It’s blackberry season, thorns, and sweetness and stored sunshine. We gather pails of wild blackberries in forgotten corners of the county; country roads, tangled backyards, in-between alleyways. The price of such harvest is counted in stained fingers and a few pricked fingers, but we are amply repaid, in
jars of jam to line the pantry shelves, and in cool glasses of this weeks featured recipe; a refreshing
shrub beverage, to ward off the heat of early August. Drink it topped with sparkling water, or with a splash of your preferred spirit, and be quenched.
California needs quenching, these days, as last winter delivered less rain than usual. Though our coastal mountain community has escaped both brutal heat waves and wildfire so far, we are all aware of the impending 1 year anniversary of the CZU Complex fire, and it stirs up uneasy memories of smoke, uncertainty, and loss. Amidst the memories, like a fine golden thread, we remember the way communities took care of each other in those murky times, and in the aftermath which continues to this day. We gather with friends in the changed landscape, stringing shade cloth to create shade where trees once cast it. If our summer parties are smaller than they were pre-Covid, and still take place mostly outside, the silver lining is the depth of connection between friends that have been through fire together. If these last 18 months have taught us anything, it is the value of community and friendship, the wealth that resides not in objects but in experience and emotion.

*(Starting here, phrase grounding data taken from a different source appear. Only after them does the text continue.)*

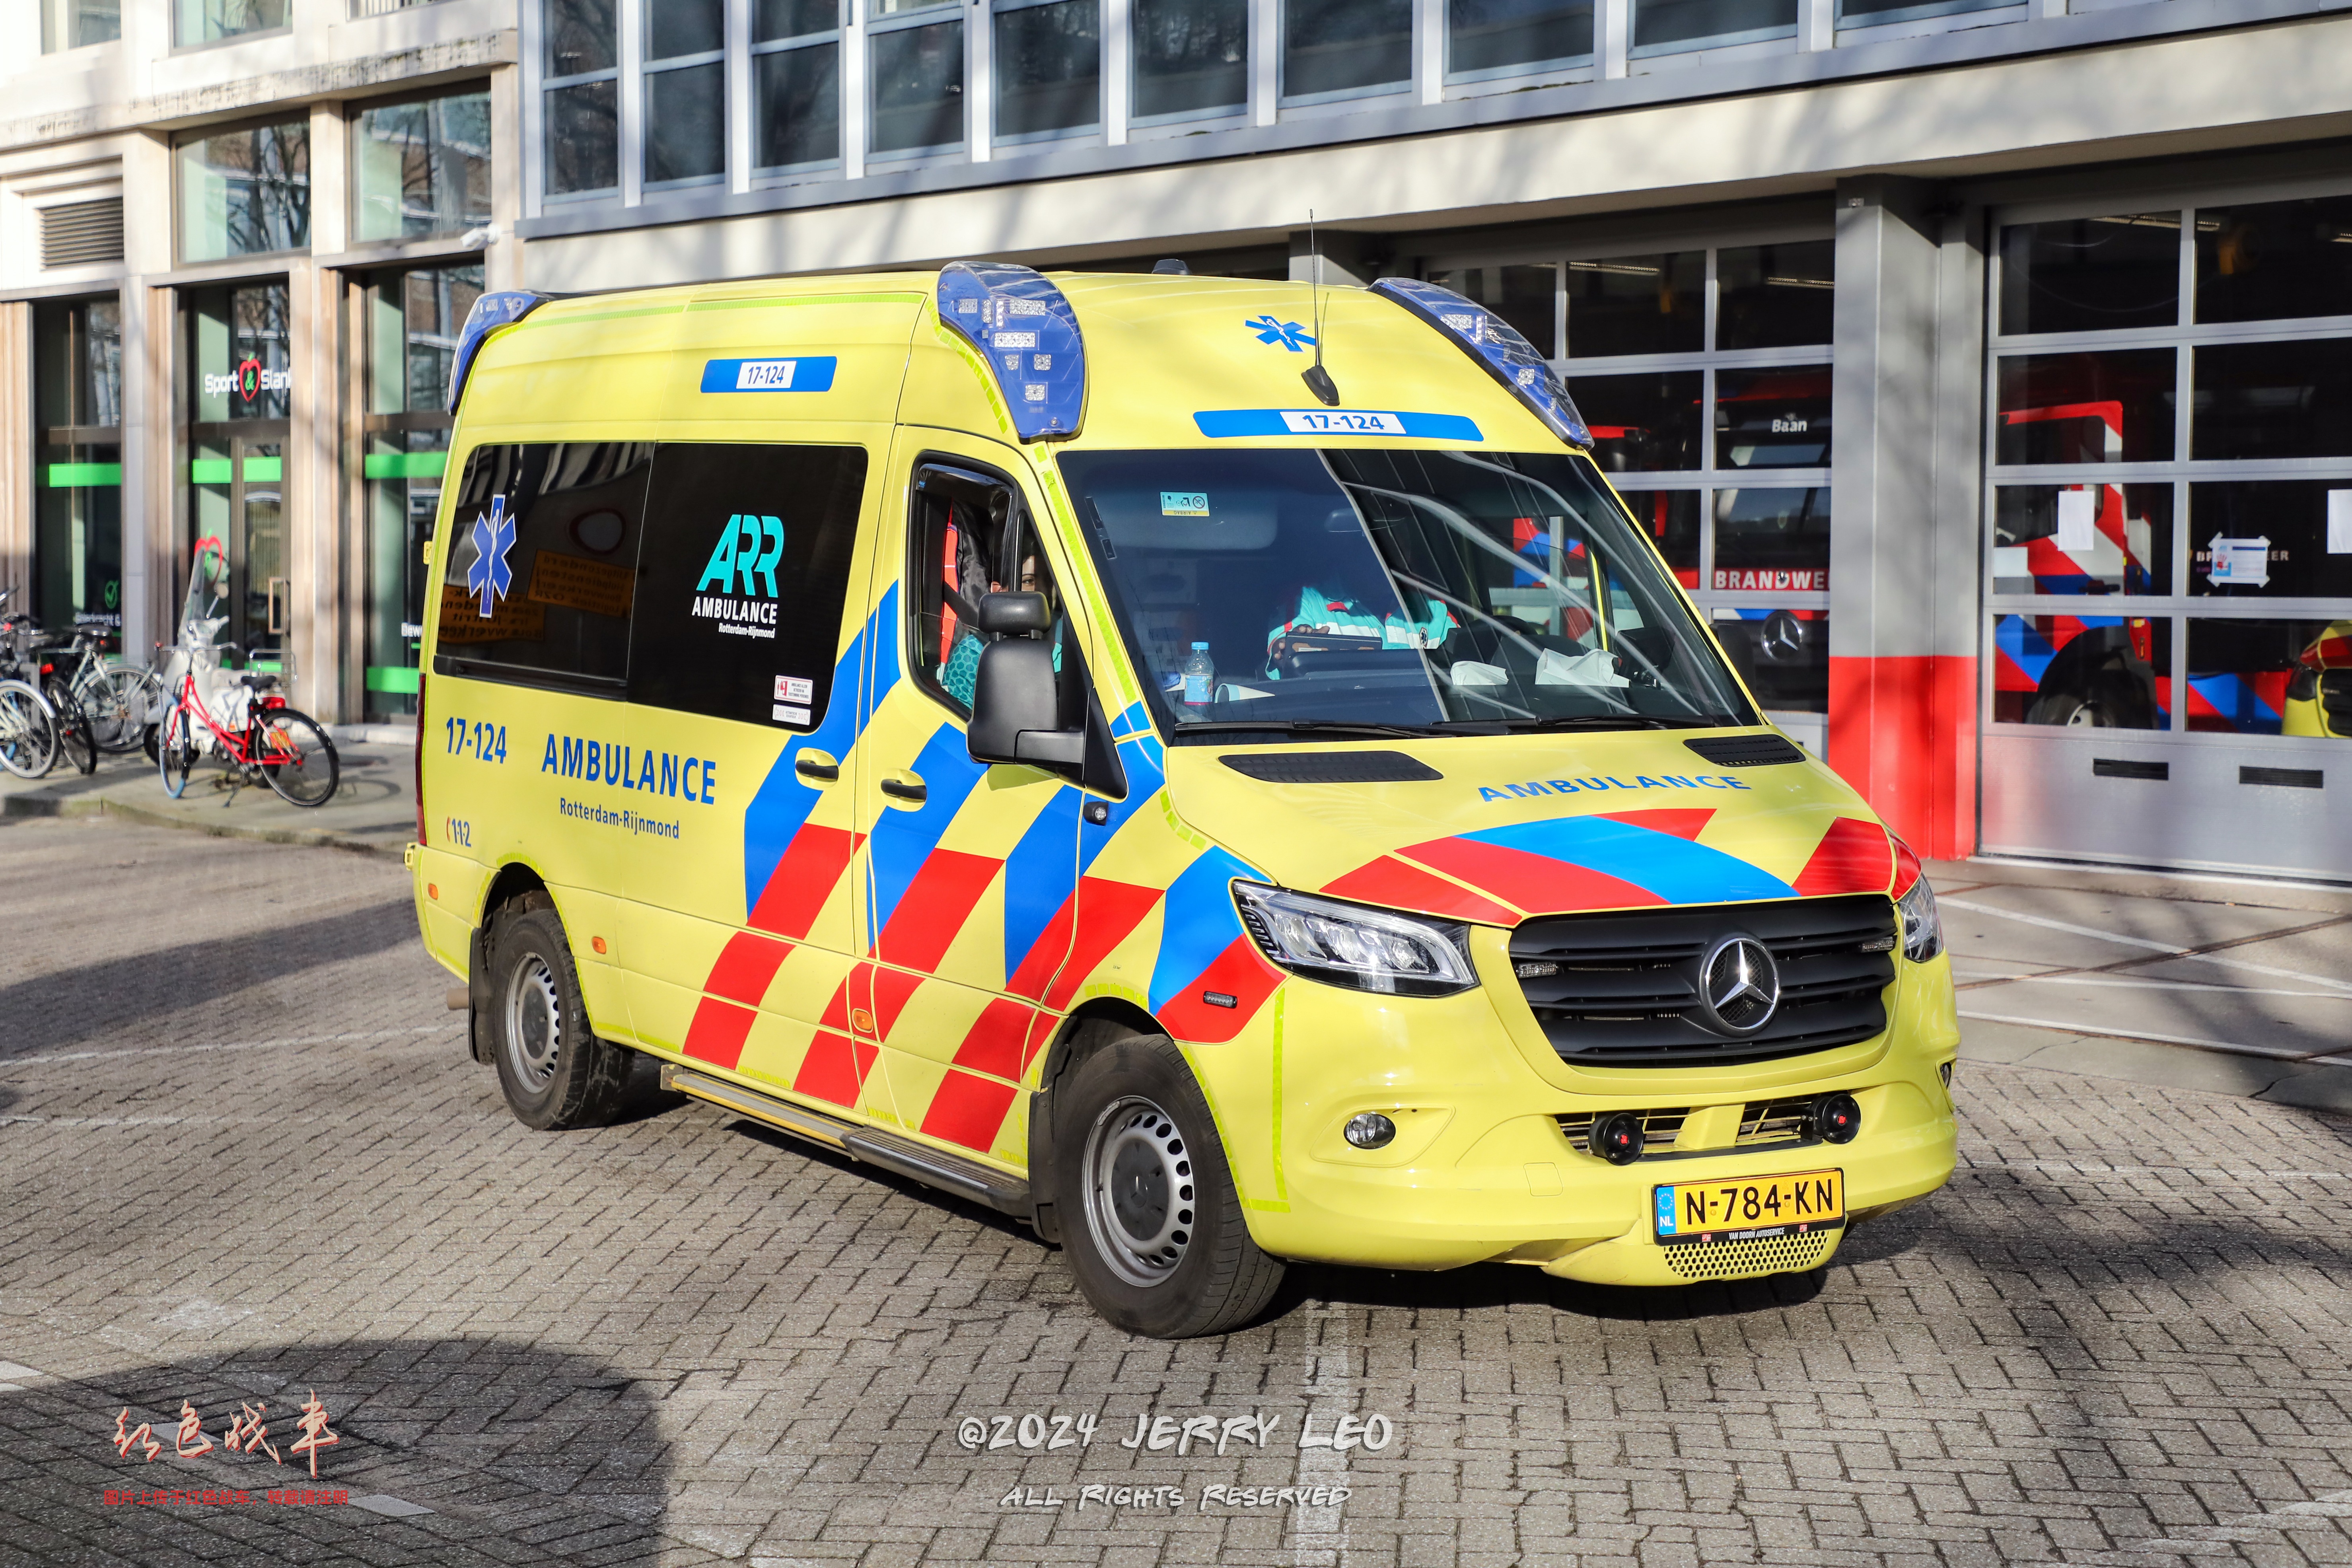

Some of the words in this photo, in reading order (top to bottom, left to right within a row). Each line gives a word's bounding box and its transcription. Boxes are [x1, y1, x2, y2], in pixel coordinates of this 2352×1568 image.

[205, 370, 239, 398] Sport
[245, 370, 255, 391] &
[748, 366, 785, 384] 17-124
[1302, 414, 1385, 430] 17-124
[1772, 419, 1807, 433] Baan
[696, 514, 784, 598] ARR
[1715, 570, 1830, 589] BRANDWE
[691, 596, 778, 624] AMBULANCE
[718, 622, 775, 639] Rotterdam-Rijnmond
[446, 716, 507, 764] 17-124
[541, 733, 716, 805] AMBULANCE
[1478, 776, 1753, 802] AMBULANCE
[560, 798, 679, 839] Rotterdam-Rijnmond
[1686, 1179, 1833, 1226] N-784-KN
[1659, 1215, 1674, 1227] NL
[1739, 1230, 1755, 1239] DOORN
[1755, 1227, 1785, 1239] AUTOSERVICE

There is wealth in the garden, too. Not in the monetary value of crops that we grow ourselves, but in the feeling of abundance that the growing engenders. Here, have some cucumbers. Share this plenty with me. It is enough. It is more than enough.

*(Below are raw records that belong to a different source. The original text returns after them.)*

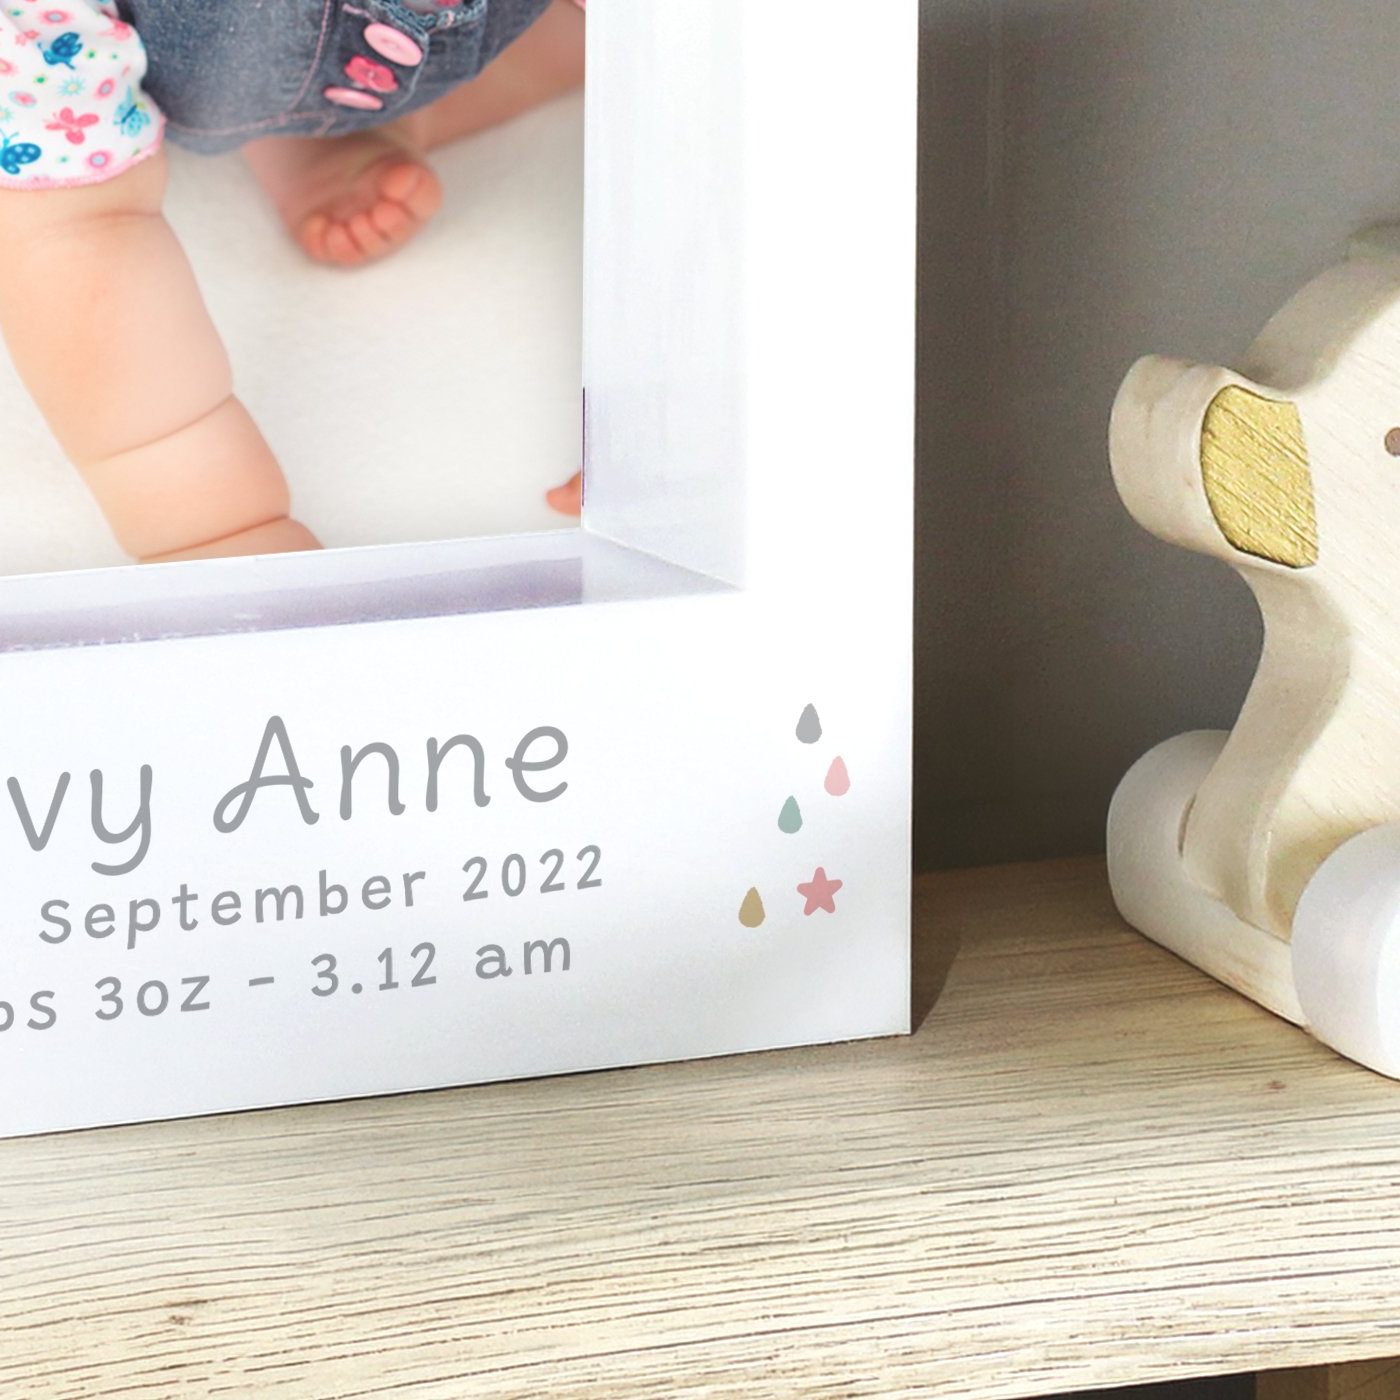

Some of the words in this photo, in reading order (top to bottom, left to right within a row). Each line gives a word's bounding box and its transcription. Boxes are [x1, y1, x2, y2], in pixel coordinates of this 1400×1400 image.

[212, 715, 569, 834] Anne
[38, 869, 426, 950] September
[462, 844, 602, 902] 2022
[94, 975, 211, 1021] 3oz
[248, 976, 275, 987] -
[310, 941, 437, 998] 3.12
[475, 937, 571, 980] am
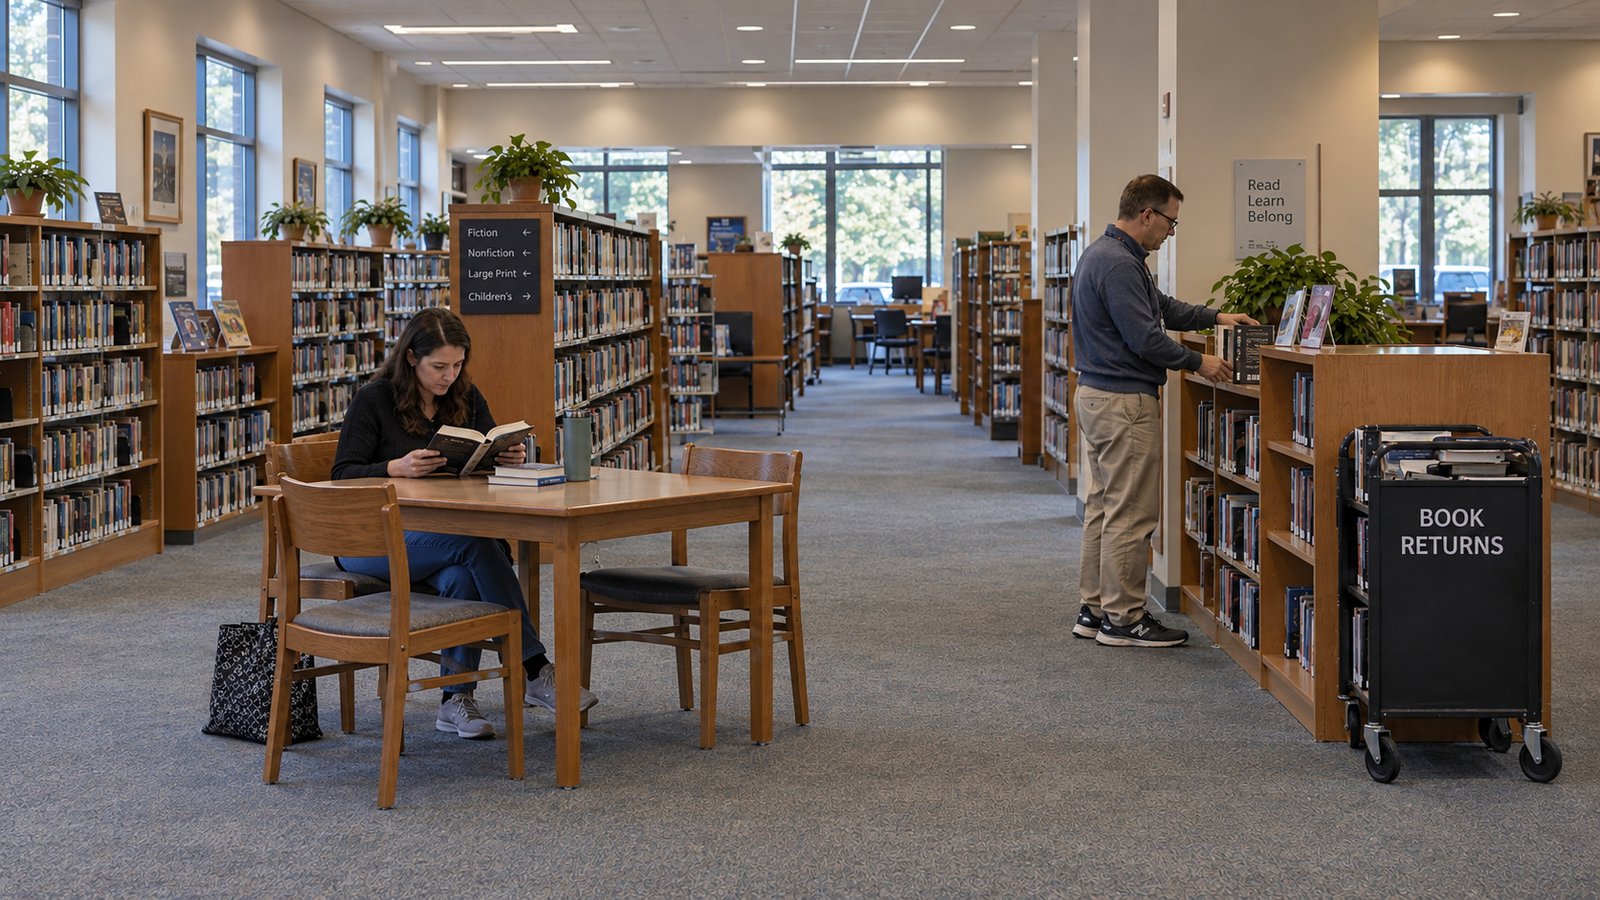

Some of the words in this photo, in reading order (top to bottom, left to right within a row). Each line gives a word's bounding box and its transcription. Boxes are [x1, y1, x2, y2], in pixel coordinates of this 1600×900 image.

[1248, 179, 1280, 191] Read
[1248, 195, 1284, 206] Learn
[1248, 210, 1293, 225] Belong
[467, 228, 498, 237] Fiction
[467, 248, 515, 257] Nonfiction
[468, 269, 493, 280] Large
[495, 269, 517, 278] Print
[468, 292, 513, 301] Children's
[1420, 508, 1485, 527] BOOK
[1401, 536, 1504, 555] RETURNS

There is wisdom in the garden, too. Not just the knowledge of which bug may be damaging the squash leaves, but the lessons that percolate, like water into the subsoil, about how to care for our little patch of earth. How to work within the limitations of what we have, how to allow and let go and learn and lose and try again. How to reap what is sown, how to make use of the time that is given to us. Sour grapes, unripe, make
verjus. Ripe, they become jam, or wine. Wine sours and becomes vinegar, which preserves the rest of the harvest. Over and over, the cycles repeat, overlapping, and each year we spend in communion with our soil enriches us as compost feeds the soil; incrementally, irrevocably.